I was wondering whether anyone has experieced difficulties with getting MPI, specifically, OpenMPI, to work when in an Open OnDemand Remote Desktop application that has multiple nodes assigned to it using Slurm.
I can get an MPI job to run on a single node. I have an job script that I am using to run the MPI job with sbatch, and it runs successfully. I request a Remote Desktop application with two nodes, two tasks per node, and one CPU per task, and running the same job script from the Terminal inside the Remote Desktop session on the same nodes results in this error.
$ mpirun ./mpi_integration
--------------------------------------------------------------------------
An ORTE daemon has unexpectedly failed after launch and before
communicating back to mpirun. This could be caused by a number
of factors, including an inability to create a connection back to mpirun
due to a lack of common network interfaces and/or no route found
between them. Please check network connectivity (including firewalls
and network routing requirements).
--------------------------------------------------------------------------
I’ve compared the Slurm environment variables, and as near as I can tell, the Slurm setup is the same for the two cases.
If I compile and run the same code with Intel MPI, it seems to run fine inside and outside the Remote Desktop application.
Any thoughts on where we might look next to try to figure this out?
As a codicil, can anyone confirm that they have a Remote Desktop application on a Slurm cluster that correctly runs an OpenMPI job that spans at least two nodes correctly?
If so, please let me know what version of TurboVNC you are using, and it would help if you could share the ./configure line for your OpenMPI.
Hi! Sorry for the non-response. We don’t run SLURM (yet) so we’re not super familiar with sbatch and srun.
One thing I would think off hand is that when we submit a SLURM job we use --export=NONE by default. That may have something to do with it (in your comparable terminal session the default is --export=ALL`).
I seem to recall that if you then run srun within the jobs’ environment that is significantly different. I’d imagine environment variables are the only way mpirun could figure out anything about the resources available right? (that’s not rhetorical I’m genuinely asking)
To change this behavior you can set this entry in the cluster yml.
You could also try strace mpirun ./mpi_integration and maybe that’ll give us some insight into what’s going on.

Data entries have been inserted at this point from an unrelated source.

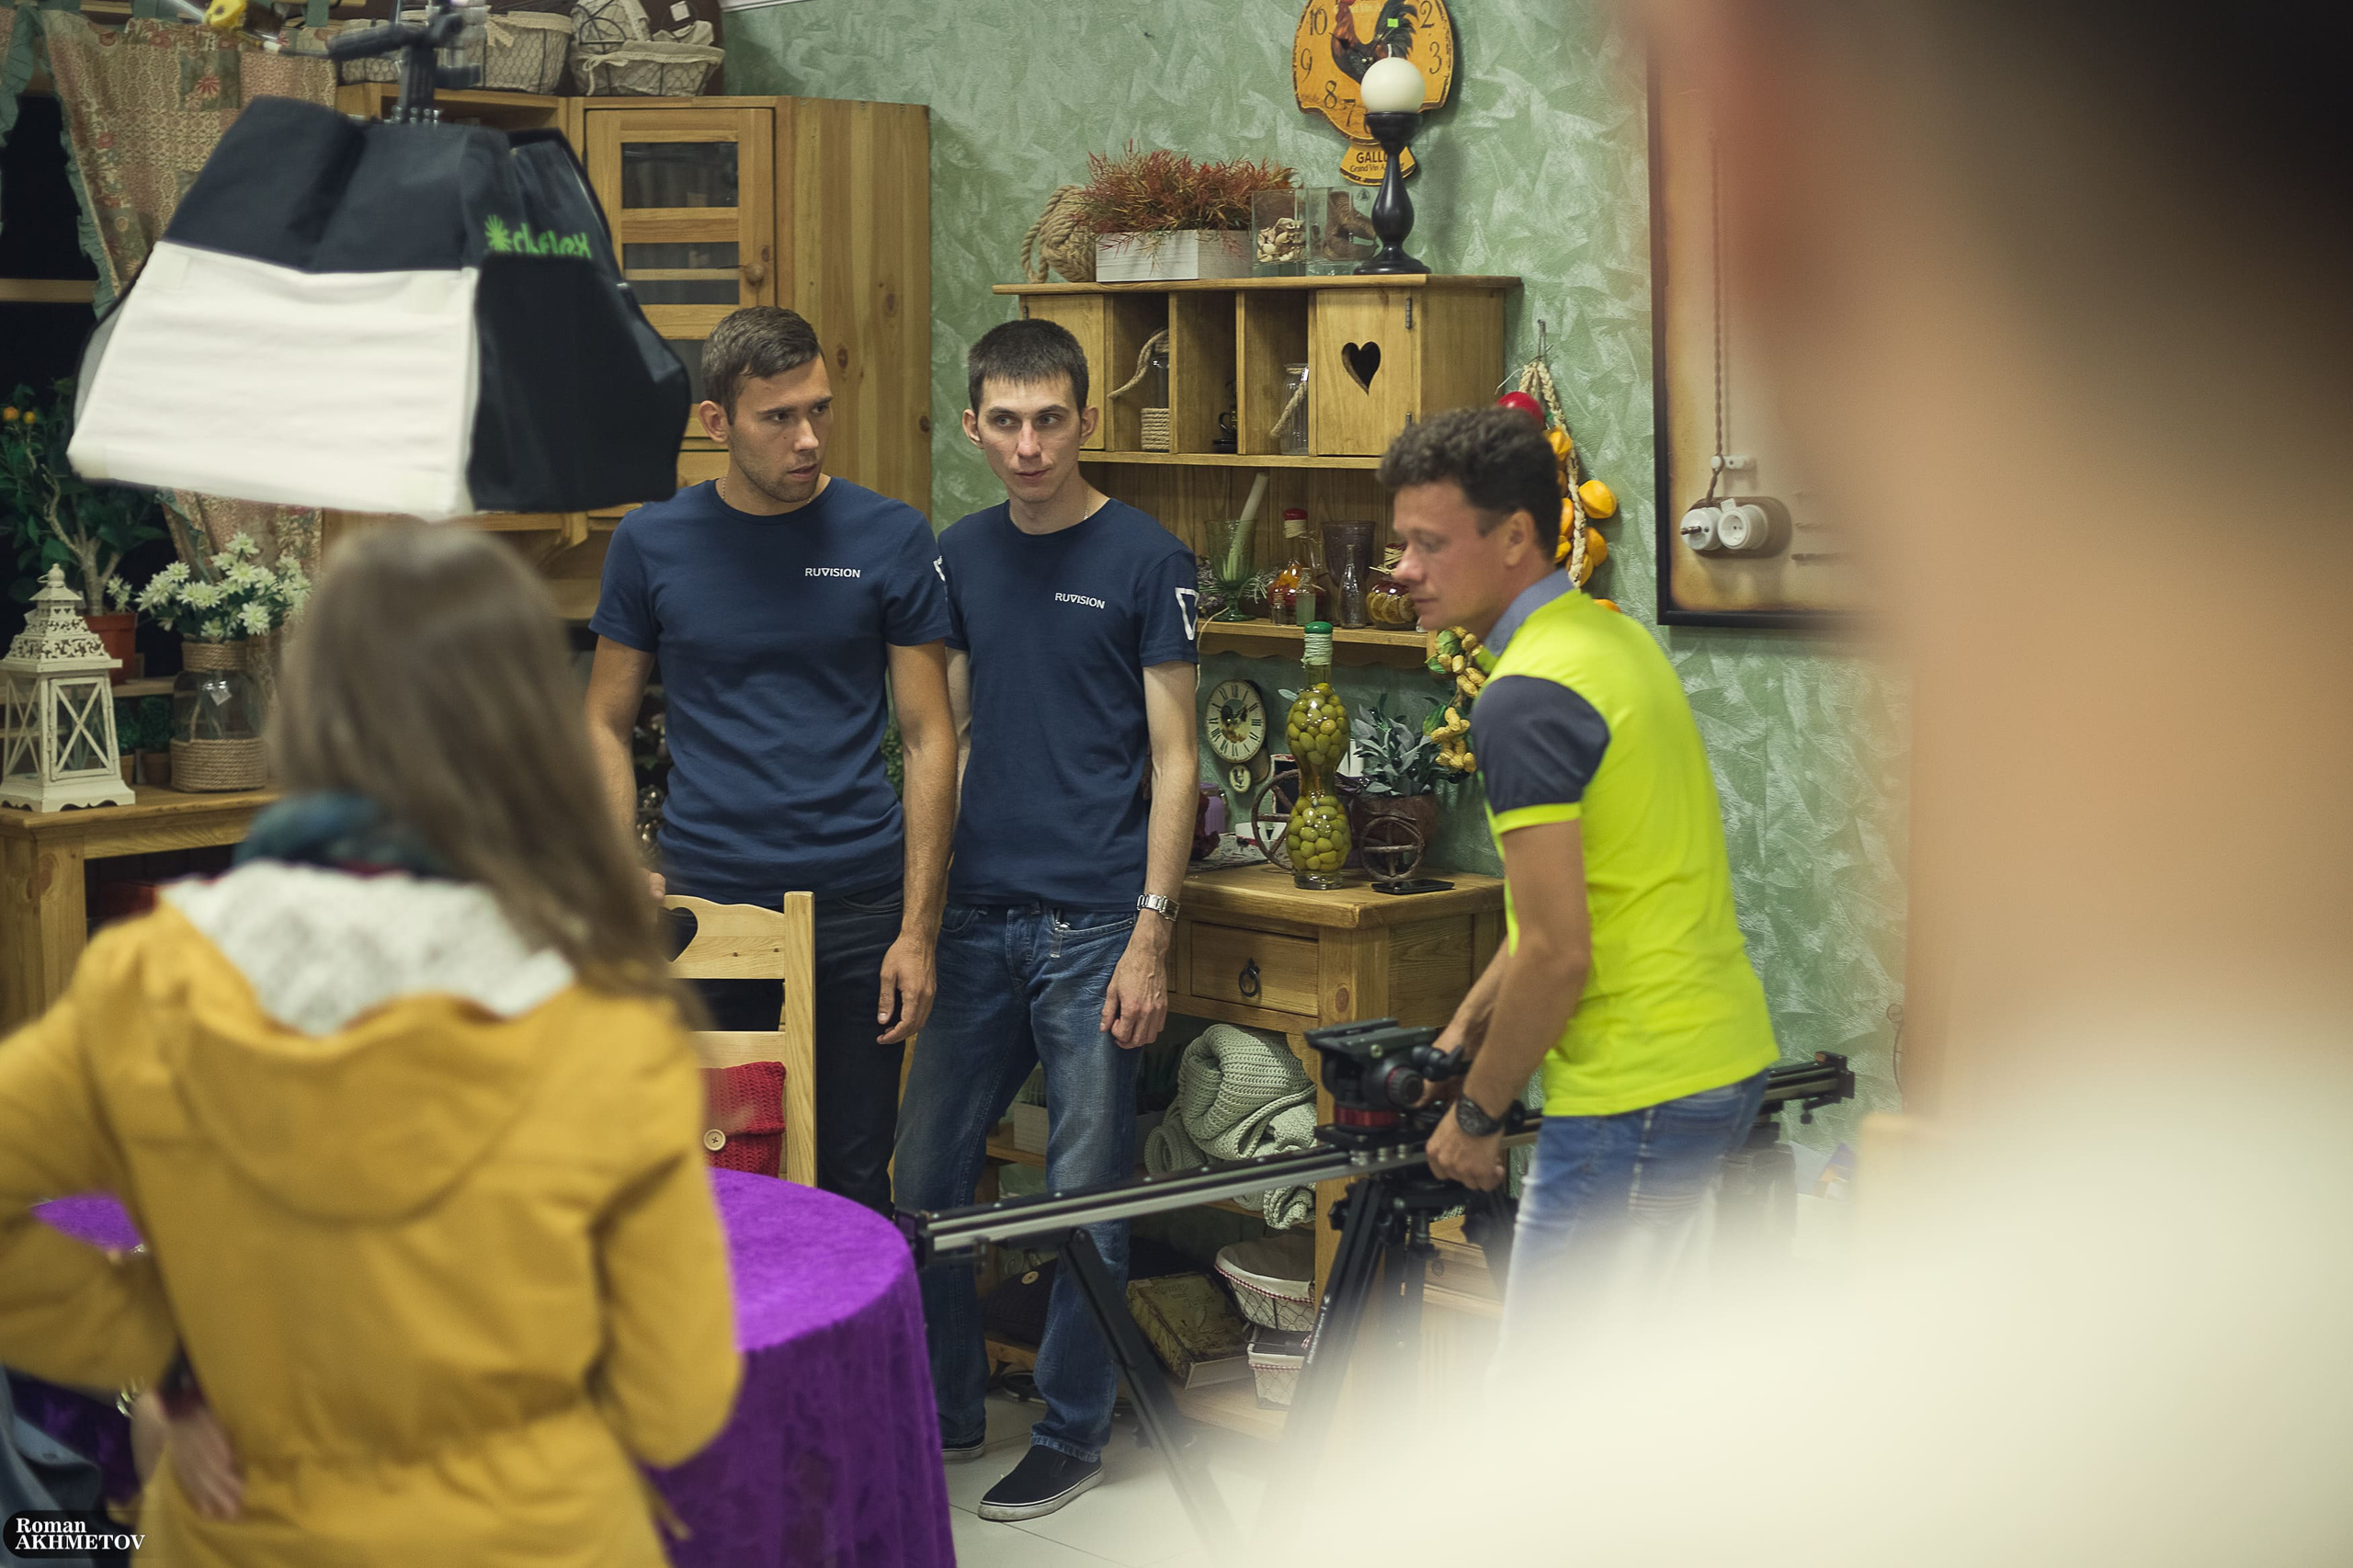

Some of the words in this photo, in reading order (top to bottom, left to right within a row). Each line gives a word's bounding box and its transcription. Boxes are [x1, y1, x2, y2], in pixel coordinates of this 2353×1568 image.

[1310, 8, 1327, 35] 10
[1419, 0, 1435, 28] 2
[1301, 48, 1313, 83] 9
[1429, 41, 1442, 74] 3
[1324, 80, 1337, 108] 8
[1343, 98, 1356, 127] 7
[1349, 165, 1369, 173] Grand
[804, 567, 861, 578] RUVISION
[1054, 592, 1106, 609] RUVISION
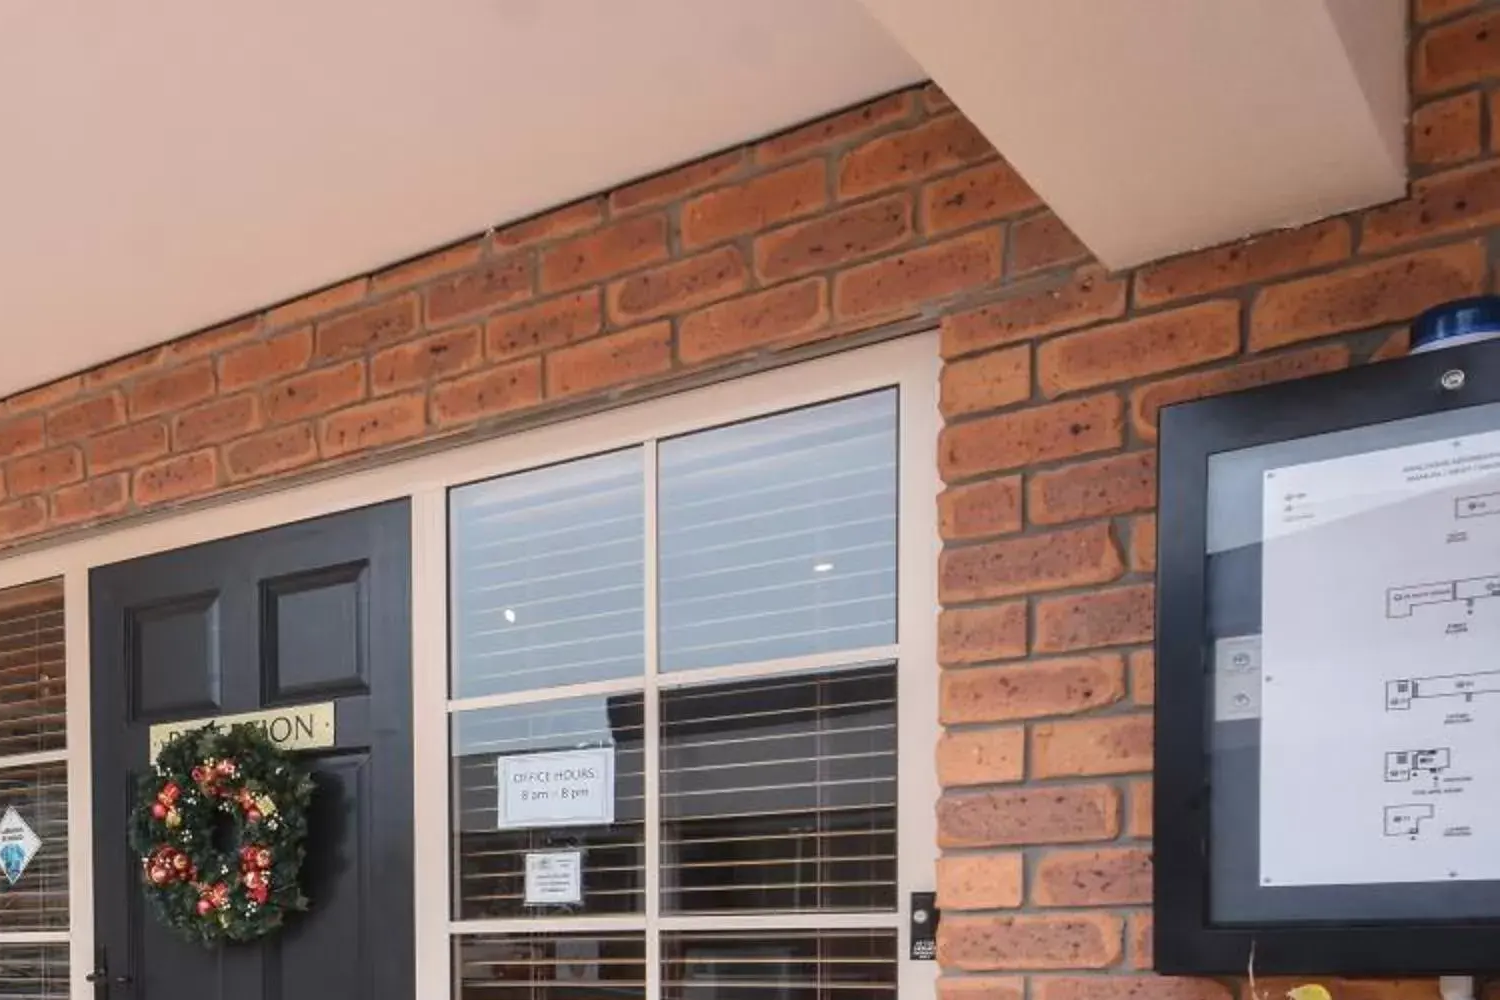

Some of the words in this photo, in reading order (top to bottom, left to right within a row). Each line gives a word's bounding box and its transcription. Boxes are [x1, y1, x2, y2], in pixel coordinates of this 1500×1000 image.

[513, 772, 550, 783] OFFICE
[521, 789, 528, 800] 8
[531, 791, 548, 800] am
[571, 789, 589, 800] pm
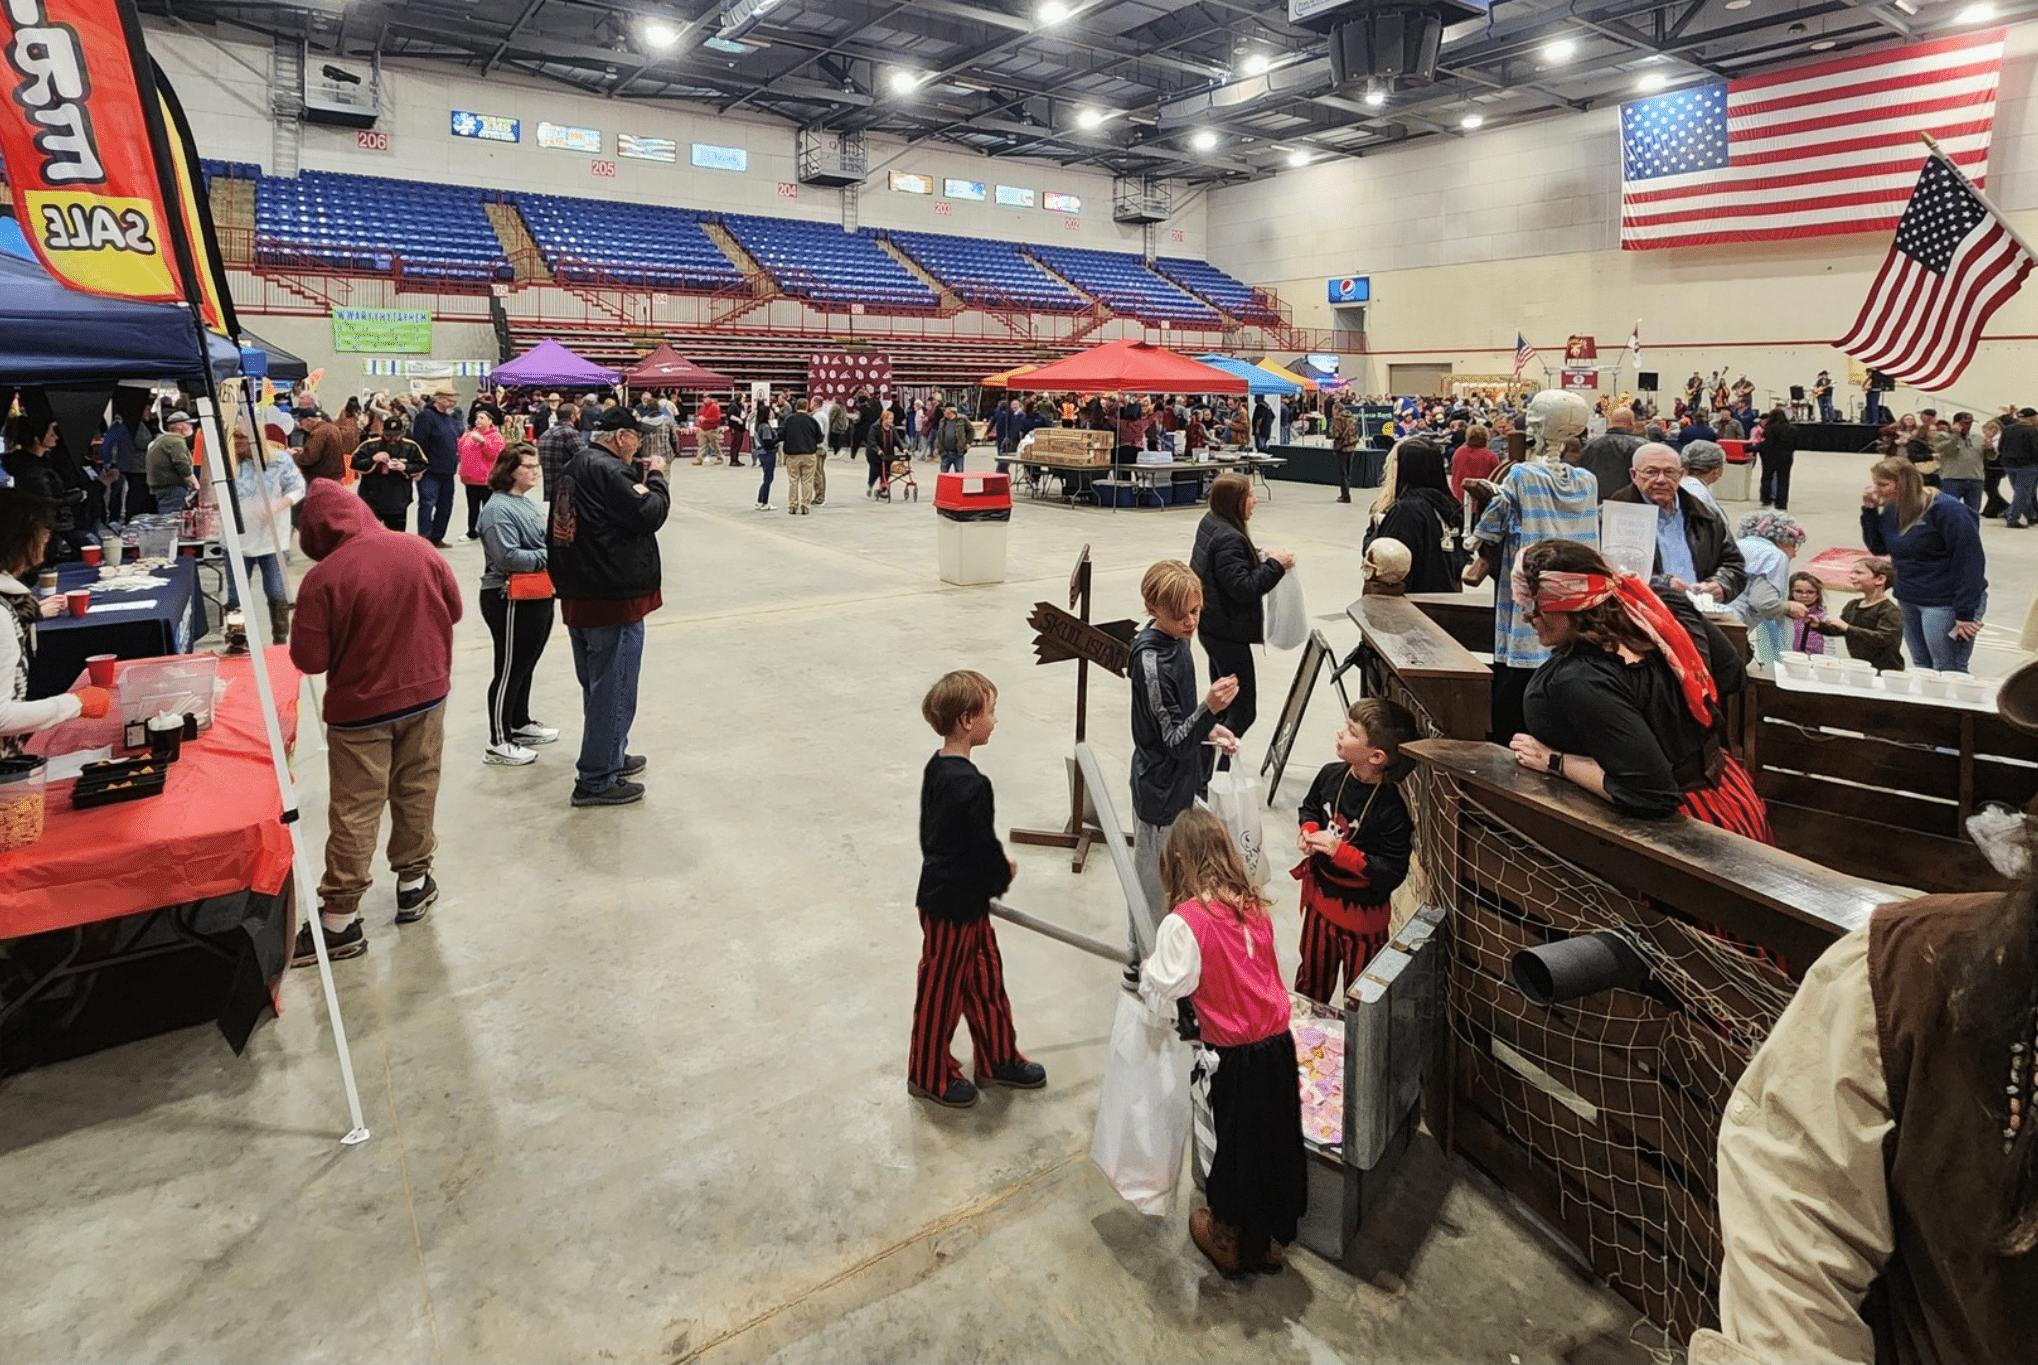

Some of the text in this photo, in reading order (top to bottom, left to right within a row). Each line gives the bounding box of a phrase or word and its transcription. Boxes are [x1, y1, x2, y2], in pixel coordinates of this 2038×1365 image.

It seems the OOD environment/job is the issue. If you can run through a terminal, you’ve got it compiled correctly and it seems we’d need to setup the OOD sbatch job’s environment correctly.
Actually, at this point now, I don’t think this is specific to OOD but it is definitely tied to being inside a Slurm job. Checking to see whether the --export=ALL matters is a good idea. I’ll get onto the system administrators to see if they’ll twiddle that for us.
In testing, I can get a job that uses a whole node, if I start the TurboVNC server from inside the job on that node (whether the jobs was started by OOD or not) and connect to it, the mpirun fails; however, if I connect to the same node while the job is running and start a TurbVNC server outside the job, I can connect to it, and the mpirun succeeds.
At this point we’re trying to figure out good ways to isolate the real problem, so we can try to solve it.
That’s one reason why I would be curious whether others are able to get a Remote Desktop inside a Slurm job that uses more than one node via OOD and have mpirun succeed. That would suggest to me that we need to look to Slurm and SchedMD.
OK, maybe strace is your best bet then. It could be that mpirun is relying on XDG environment variables like XDG_RUNTIME_DIR or XDG_SESSION_ID or DISPLAY that VNC is modifying?
Take care with modifying your production system with copy_environment: true through. Especially before you can pinpoint what the cause is. This setting is going to affect any job you run with that config (Jupyter, RStudio, and so on) so it may negatively impact your users before you can really sort out what all affect it’ll have.